Repeat the entries exactly as they stand.

········

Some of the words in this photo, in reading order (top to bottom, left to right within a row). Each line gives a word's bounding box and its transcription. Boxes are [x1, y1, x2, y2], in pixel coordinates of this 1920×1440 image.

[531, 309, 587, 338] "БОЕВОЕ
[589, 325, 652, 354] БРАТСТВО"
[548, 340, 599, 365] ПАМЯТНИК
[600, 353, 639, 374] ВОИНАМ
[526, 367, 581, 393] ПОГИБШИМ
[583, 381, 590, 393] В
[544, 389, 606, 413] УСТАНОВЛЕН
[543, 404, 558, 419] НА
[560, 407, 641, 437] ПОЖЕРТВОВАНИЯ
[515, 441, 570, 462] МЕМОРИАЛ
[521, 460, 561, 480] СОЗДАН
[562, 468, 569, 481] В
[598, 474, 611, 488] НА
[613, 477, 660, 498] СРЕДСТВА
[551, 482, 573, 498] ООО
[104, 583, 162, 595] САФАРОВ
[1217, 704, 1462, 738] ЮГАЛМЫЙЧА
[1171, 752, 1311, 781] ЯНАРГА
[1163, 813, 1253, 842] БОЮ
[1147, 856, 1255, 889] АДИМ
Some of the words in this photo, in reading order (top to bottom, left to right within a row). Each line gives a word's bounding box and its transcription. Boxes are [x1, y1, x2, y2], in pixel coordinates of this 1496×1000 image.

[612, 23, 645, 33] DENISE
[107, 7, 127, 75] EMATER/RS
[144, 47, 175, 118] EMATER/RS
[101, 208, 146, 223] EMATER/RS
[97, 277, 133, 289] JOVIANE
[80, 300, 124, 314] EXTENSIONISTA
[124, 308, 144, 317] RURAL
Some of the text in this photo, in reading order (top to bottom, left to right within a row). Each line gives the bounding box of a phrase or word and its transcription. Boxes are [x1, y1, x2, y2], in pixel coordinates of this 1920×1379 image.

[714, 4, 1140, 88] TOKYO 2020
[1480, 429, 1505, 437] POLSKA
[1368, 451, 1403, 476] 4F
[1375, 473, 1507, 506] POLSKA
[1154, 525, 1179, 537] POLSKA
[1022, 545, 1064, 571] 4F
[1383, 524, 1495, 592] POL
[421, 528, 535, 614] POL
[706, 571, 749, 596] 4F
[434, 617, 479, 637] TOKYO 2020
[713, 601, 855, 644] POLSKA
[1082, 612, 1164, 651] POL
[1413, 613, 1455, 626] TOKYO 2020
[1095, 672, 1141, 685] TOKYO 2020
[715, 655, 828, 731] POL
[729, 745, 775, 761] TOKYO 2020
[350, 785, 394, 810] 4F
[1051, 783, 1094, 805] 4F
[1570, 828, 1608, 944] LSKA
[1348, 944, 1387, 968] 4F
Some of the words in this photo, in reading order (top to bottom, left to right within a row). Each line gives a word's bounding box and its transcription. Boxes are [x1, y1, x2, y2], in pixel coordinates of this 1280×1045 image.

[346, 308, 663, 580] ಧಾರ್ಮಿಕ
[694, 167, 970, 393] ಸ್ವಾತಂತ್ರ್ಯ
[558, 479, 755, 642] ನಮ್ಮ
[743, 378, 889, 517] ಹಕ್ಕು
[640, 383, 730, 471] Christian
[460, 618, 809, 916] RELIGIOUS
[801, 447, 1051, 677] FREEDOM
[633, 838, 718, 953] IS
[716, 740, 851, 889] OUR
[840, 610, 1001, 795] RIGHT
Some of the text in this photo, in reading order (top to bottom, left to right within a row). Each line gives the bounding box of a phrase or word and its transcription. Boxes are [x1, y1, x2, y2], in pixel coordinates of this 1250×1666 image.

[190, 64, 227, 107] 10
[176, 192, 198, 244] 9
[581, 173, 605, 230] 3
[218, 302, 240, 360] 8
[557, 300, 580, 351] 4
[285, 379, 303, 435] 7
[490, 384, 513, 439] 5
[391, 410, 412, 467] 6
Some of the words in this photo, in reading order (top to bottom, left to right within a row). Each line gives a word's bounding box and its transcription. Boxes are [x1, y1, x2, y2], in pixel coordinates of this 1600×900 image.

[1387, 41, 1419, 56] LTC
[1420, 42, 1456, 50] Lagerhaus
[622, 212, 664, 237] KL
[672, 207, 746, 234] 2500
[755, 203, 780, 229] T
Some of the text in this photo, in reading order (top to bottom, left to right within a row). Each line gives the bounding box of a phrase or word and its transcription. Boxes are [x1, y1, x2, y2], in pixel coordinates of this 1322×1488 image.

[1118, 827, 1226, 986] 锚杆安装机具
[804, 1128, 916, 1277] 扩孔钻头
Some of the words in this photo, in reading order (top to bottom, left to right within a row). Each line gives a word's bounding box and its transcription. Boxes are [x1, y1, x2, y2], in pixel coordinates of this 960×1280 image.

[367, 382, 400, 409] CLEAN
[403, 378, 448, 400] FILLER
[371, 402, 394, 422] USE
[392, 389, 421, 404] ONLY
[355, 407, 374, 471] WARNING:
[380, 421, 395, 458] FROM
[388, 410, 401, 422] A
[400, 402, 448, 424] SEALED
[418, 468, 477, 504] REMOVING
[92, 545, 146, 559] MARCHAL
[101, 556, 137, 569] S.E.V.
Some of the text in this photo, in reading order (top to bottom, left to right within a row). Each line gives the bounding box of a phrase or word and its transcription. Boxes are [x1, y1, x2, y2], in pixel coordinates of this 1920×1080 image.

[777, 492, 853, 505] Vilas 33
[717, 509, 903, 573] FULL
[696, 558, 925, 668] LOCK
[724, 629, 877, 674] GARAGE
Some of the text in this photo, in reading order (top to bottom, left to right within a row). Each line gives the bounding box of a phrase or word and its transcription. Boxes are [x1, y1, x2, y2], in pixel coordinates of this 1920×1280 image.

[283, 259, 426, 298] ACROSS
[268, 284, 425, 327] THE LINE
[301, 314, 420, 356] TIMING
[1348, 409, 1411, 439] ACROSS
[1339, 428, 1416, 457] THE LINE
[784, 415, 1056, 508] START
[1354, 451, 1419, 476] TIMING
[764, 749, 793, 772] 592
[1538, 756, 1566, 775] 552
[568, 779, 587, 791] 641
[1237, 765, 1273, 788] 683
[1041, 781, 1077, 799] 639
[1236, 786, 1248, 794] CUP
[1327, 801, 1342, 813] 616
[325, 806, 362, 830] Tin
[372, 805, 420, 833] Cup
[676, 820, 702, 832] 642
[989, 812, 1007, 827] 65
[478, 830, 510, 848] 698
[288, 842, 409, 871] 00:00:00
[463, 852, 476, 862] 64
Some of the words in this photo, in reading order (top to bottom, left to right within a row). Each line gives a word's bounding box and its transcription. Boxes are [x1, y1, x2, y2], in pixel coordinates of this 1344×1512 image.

········

- Problem solution -
Some of the words in this photo, in reading order (top to bottom, left to right within a row). Each line gives a word's bounding box and its transcription. Boxes are [x1, y1, x2, y2], in pixel coordinates of this 1920×1440 image.

[531, 309, 587, 338] "БОЕВОЕ
[589, 325, 652, 354] БРАТСТВО"
[548, 340, 599, 365] ПАМЯТНИК
[600, 353, 639, 374] ВОИНАМ
[526, 367, 581, 393] ПОГИБШИМ
[583, 381, 590, 393] В
[544, 389, 606, 413] УСТАНОВЛЕН
[543, 404, 558, 419] НА
[560, 407, 641, 437] ПОЖЕРТВОВАНИЯ
[515, 441, 570, 462] МЕМОРИАЛ
[521, 460, 561, 480] СОЗДАН
[562, 468, 569, 481] В
[598, 474, 611, 488] НА
[613, 477, 660, 498] СРЕДСТВА
[551, 482, 573, 498] ООО
[104, 583, 162, 595] САФАРОВ
[1217, 704, 1462, 738] ЮГАЛМЫЙЧА
[1171, 752, 1311, 781] ЯНАРГА
[1163, 813, 1253, 842] БОЮ
[1147, 856, 1255, 889] АДИМ
Some of the words in this photo, in reading order (top to bottom, left to right within a row). Each line gives a word's bounding box and its transcription. Boxes are [x1, y1, x2, y2], in pixel coordinates of this 1496×1000 image.

[612, 23, 645, 33] DENISE
[107, 7, 127, 75] EMATER/RS
[144, 47, 175, 118] EMATER/RS
[101, 208, 146, 223] EMATER/RS
[97, 277, 133, 289] JOVIANE
[80, 300, 124, 314] EXTENSIONISTA
[124, 308, 144, 317] RURAL
Some of the text in this photo, in reading order (top to bottom, left to right within a row). Each line gives the bounding box of a phrase or word and its transcription. Boxes are [x1, y1, x2, y2], in pixel coordinates of this 1920×1379 image.

[714, 4, 1140, 88] TOKYO 2020
[1480, 429, 1505, 437] POLSKA
[1368, 451, 1403, 476] 4F
[1375, 473, 1507, 506] POLSKA
[1154, 525, 1179, 537] POLSKA
[1022, 545, 1064, 571] 4F
[1383, 524, 1495, 592] POL
[421, 528, 535, 614] POL
[706, 571, 749, 596] 4F
[434, 617, 479, 637] TOKYO 2020
[713, 601, 855, 644] POLSKA
[1082, 612, 1164, 651] POL
[1413, 613, 1455, 626] TOKYO 2020
[1095, 672, 1141, 685] TOKYO 2020
[715, 655, 828, 731] POL
[729, 745, 775, 761] TOKYO 2020
[350, 785, 394, 810] 4F
[1051, 783, 1094, 805] 4F
[1570, 828, 1608, 944] LSKA
[1348, 944, 1387, 968] 4F
Some of the words in this photo, in reading order (top to bottom, left to right within a row). Each line gives a word's bounding box and its transcription. Boxes are [x1, y1, x2, y2], in pixel coordinates of this 1280×1045 image.

[346, 308, 663, 580] ಧಾರ್ಮಿಕ
[694, 167, 970, 393] ಸ್ವಾತಂತ್ರ್ಯ
[558, 479, 755, 642] ನಮ್ಮ
[743, 378, 889, 517] ಹಕ್ಕು
[640, 383, 730, 471] Christian
[460, 618, 809, 916] RELIGIOUS
[801, 447, 1051, 677] FREEDOM
[633, 838, 718, 953] IS
[716, 740, 851, 889] OUR
[840, 610, 1001, 795] RIGHT
Some of the text in this photo, in reading order (top to bottom, left to right within a row). Each line gives the bounding box of a phrase or word and its transcription. Boxes are [x1, y1, x2, y2], in pixel coordinates of this 1250×1666 image.

[190, 64, 227, 107] 10
[176, 192, 198, 244] 9
[581, 173, 605, 230] 3
[218, 302, 240, 360] 8
[557, 300, 580, 351] 4
[285, 379, 303, 435] 7
[490, 384, 513, 439] 5
[391, 410, 412, 467] 6
Some of the words in this photo, in reading order (top to bottom, left to right within a row). Each line gives a word's bounding box and its transcription. Boxes are [x1, y1, x2, y2], in pixel coordinates of this 1600×900 image.

[1387, 41, 1419, 56] LTC
[1420, 42, 1456, 50] Lagerhaus
[622, 212, 664, 237] KL
[672, 207, 746, 234] 2500
[755, 203, 780, 229] T
Some of the text in this photo, in reading order (top to bottom, left to right within a row). Each line gives the bounding box of a phrase or word and its transcription. Boxes are [x1, y1, x2, y2], in pixel coordinates of this 1322×1488 image.

[1118, 827, 1226, 986] 锚杆安装机具
[804, 1128, 916, 1277] 扩孔钻头
Some of the words in this photo, in reading order (top to bottom, left to right within a row). Each line gives a word's bounding box and its transcription. Boxes are [x1, y1, x2, y2], in pixel coordinates of this 960×1280 image.

[367, 382, 400, 409] CLEAN
[403, 378, 448, 400] FILLER
[371, 402, 394, 422] USE
[392, 389, 421, 404] ONLY
[355, 407, 374, 471] WARNING:
[380, 421, 395, 458] FROM
[388, 410, 401, 422] A
[400, 402, 448, 424] SEALED
[418, 468, 477, 504] REMOVING
[92, 545, 146, 559] MARCHAL
[101, 556, 137, 569] S.E.V.
Some of the text in this photo, in reading order (top to bottom, left to right within a row). Each line gives the bounding box of a phrase or word and its transcription. Boxes are [x1, y1, x2, y2], in pixel coordinates of this 1920×1080 image.

[777, 492, 853, 505] Vilas 33
[717, 509, 903, 573] FULL
[696, 558, 925, 668] LOCK
[724, 629, 877, 674] GARAGE
Some of the text in this photo, in reading order (top to bottom, left to right within a row). Each line gives the bounding box of a phrase or word and its transcription. Boxes are [x1, y1, x2, y2], in pixel coordinates of this 1920×1280 image.

[283, 259, 426, 298] ACROSS
[268, 284, 425, 327] THE LINE
[301, 314, 420, 356] TIMING
[1348, 409, 1411, 439] ACROSS
[1339, 428, 1416, 457] THE LINE
[784, 415, 1056, 508] START
[1354, 451, 1419, 476] TIMING
[764, 749, 793, 772] 592
[1538, 756, 1566, 775] 552
[568, 779, 587, 791] 641
[1237, 765, 1273, 788] 683
[1041, 781, 1077, 799] 639
[1236, 786, 1248, 794] CUP
[1327, 801, 1342, 813] 616
[325, 806, 362, 830] Tin
[372, 805, 420, 833] Cup
[676, 820, 702, 832] 642
[989, 812, 1007, 827] 65
[478, 830, 510, 848] 698
[288, 842, 409, 871] 00:00:00
[463, 852, 476, 862] 64
Some of the words in this photo, in reading order (top to bottom, left to right within a row). Each line gives a word's bounding box and its transcription. Boxes are [x1, y1, x2, y2], in pixel coordinates of this 1344×1512 image.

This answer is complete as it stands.